O jovem achava que anos e mais anos iriam se passar, e, mesmo assim, ele nunca superaria os acontecimentos da semana passada. Pablo faz muita falta, e Pedrinho... O pequeno Pedrinho...

Naquele sábado continuava a beber. Estava sentado em uma cadeira de madeira, e a cerveja preta repousava na mesa. Evan, que agora já não era tão ruivo assim, o observava calado e com pesar, sentado em sua frente, do lado oposto. Alojaram-se na estalagem, a que antes não conseguiriam pagar. O preço agora tornara-se acessível, graças ao dinheiro que a moça de cabelos alaranjados dera, e Erick, o gêmeo sério, começara a trabalhar para a dona da hospedaria como contador; mesmo que analfabeto ele se mostrou excepcional em fazer contas. Dessa forma eles se mantiveram.

Tanto Evan, quanto Erick pareceram superar melhor a perca de Pedrinho, e o fato de terem deixado um companheiro para trás. Nem pareciam lembrar-se disso, ambos pintaram o cabelo de negro para não serem reconhecidos, e todos compraram novas vestes, para que o martelo tatuado em suas costas nunca fosse exposto. Não os culpo por superar tão rápido, não tinham tanta intimidade assim com eles.

Quando Leonel ergueu a mão para colocar mais cerveja em sua caneca, Evan o impediu e o repreendeu. – Basta, tá há uma semana bebendo direto, tem que parar cara! – pareceu preocupado.

– Pareço bêbado pra você? – Leonel repeliu a mão de Evan, e serviu-se novamente. – Eu que direi quando devo parar. – viu Evan o afrontar com aqueles olhos cor de mel, desapontado.

– Meu parceiro, você tem que seguir em frente... Deixar o passado no passado. – o rapaz tentou consolá-lo.

– QUEM VOCÊ PENSA QUE É? – disse Leonel mais alto do que deveria. – Deixar o passado...? Pedrinho nunca será passado! Muito menos Pablo... Ainda vou salvá-lo, juro por tudo em que acredito!

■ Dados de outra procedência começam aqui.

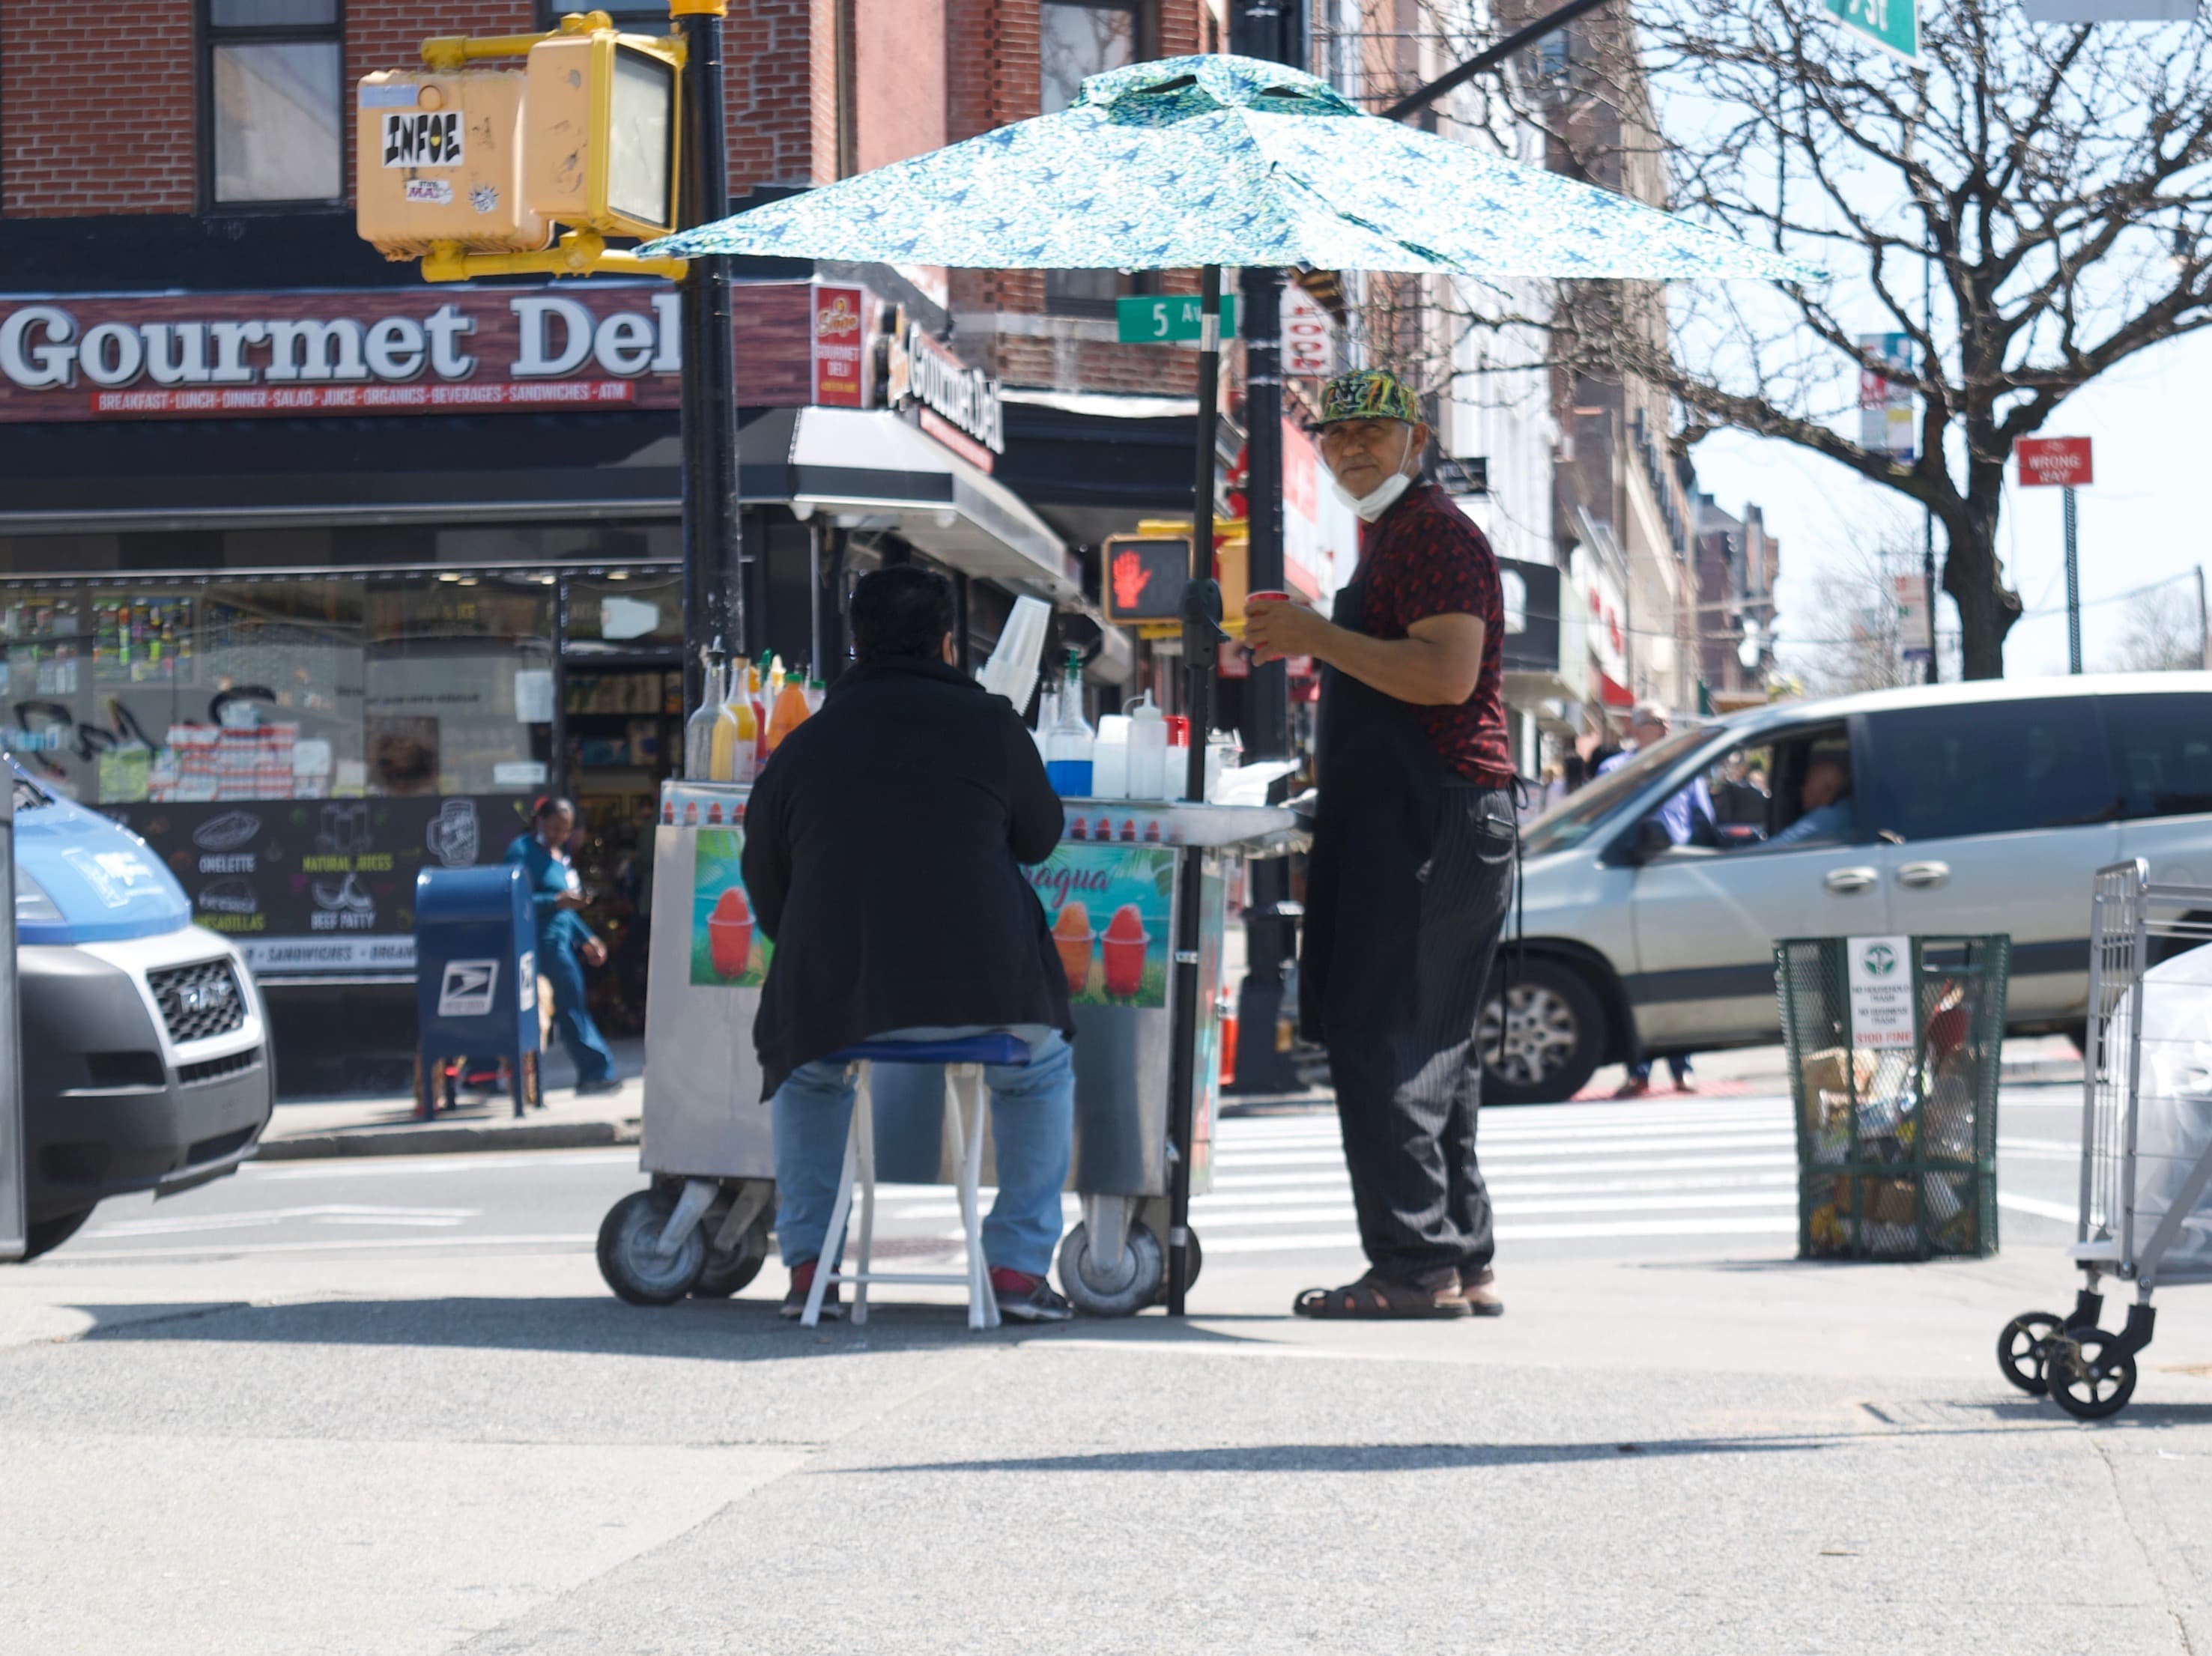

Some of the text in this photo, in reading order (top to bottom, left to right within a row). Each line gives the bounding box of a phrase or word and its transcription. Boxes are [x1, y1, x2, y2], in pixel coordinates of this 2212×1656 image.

[384, 113, 461, 166] INFOE
[1153, 303, 1169, 337] 5
[0, 293, 681, 390] Gourmet Del
[99, 382, 625, 411] BREAKFAST LUNCH DINNER SALAD JUICE ORGANICS BEVERAGES SANDWICHES ATM
[2028, 454, 2081, 469] WRONG
[2039, 469, 2072, 483] WAY
[199, 854, 257, 873] OMELETTE
[1022, 865, 1109, 909] agua
[193, 913, 265, 931] ESADILLAS
[1886, 1030, 1912, 1043] FINE

Evan suspirou profundamente, não queria discutir. Continuou a respeitar o sofrimento de Leonel em silêncio. Erick os observava do balcão, de um modo penoso. Eles não creem em mim, não acham que um dia salvarei Pablo. Amargurado, Leonel olhou para a porta de entrada da estalagem. Do lado de fora, a noite escura o encarava, e o vento frio sussurrava coisas que Leonel não entendia. Um bêbado qualquer resmungava qualquer merda em outra das mesas, estava sozinho. Cada qual com os seus problemas... A friagem entrou mais forte dessa vez, fazendo os desajeitados cabelos castanhos de Leonel balançarem e seus pelos arrepiarem-se. Vento idiota, nem mesmo ele me deixa em paz. Leonel pensou, e percebeu que estava discutindo com o próprio vento, talvez Evan estivesse certo, e ele já passara da conta de beber.

Com um leve rangido, a porta de entrada se abriu e um garoto sem camisa entrou sozinho na estalagem. Leonel o observou com interesse, o que um menino estaria fazendo naquele lugar àquelas horas? Geralmente nesse horário, em que estava próximo do amanhecer, ninguém ia lá, era só Leonel, os gêmeos e esse mesmo bêbado que resmungava. Léo não esperava um garotinho; muito menos sem camisa, do lado de fora, e naquele frio? Seria um mendigo? Talvez sim, um órfão qualquer.

O menininho era magro e fraco, tinha baixa estatura. Sua pele era muito branca, seus cabelos eram de um tom loiro para dourado. Seus olhinhos, profundamente azuis. E um pouco acima de sua boca, tinham pequenos pelos de um fino bigode amarelo que começava a nascer. Para surpresa de Leonel, o garoto olhou o interior da estalagem de um lado para o outro, com interesse. Quando seus olhos se encontraram com os de Léo, ele caminhou até a mesa e sorriu de um modo infantil.

– Será que tem algum problema se eu me juntar a vocês para beber? – perguntou esperançoso.

– Problema nenhum, menino. – Evan sorriu de volta. – Só não sei se você pode beber, quantos anos têm?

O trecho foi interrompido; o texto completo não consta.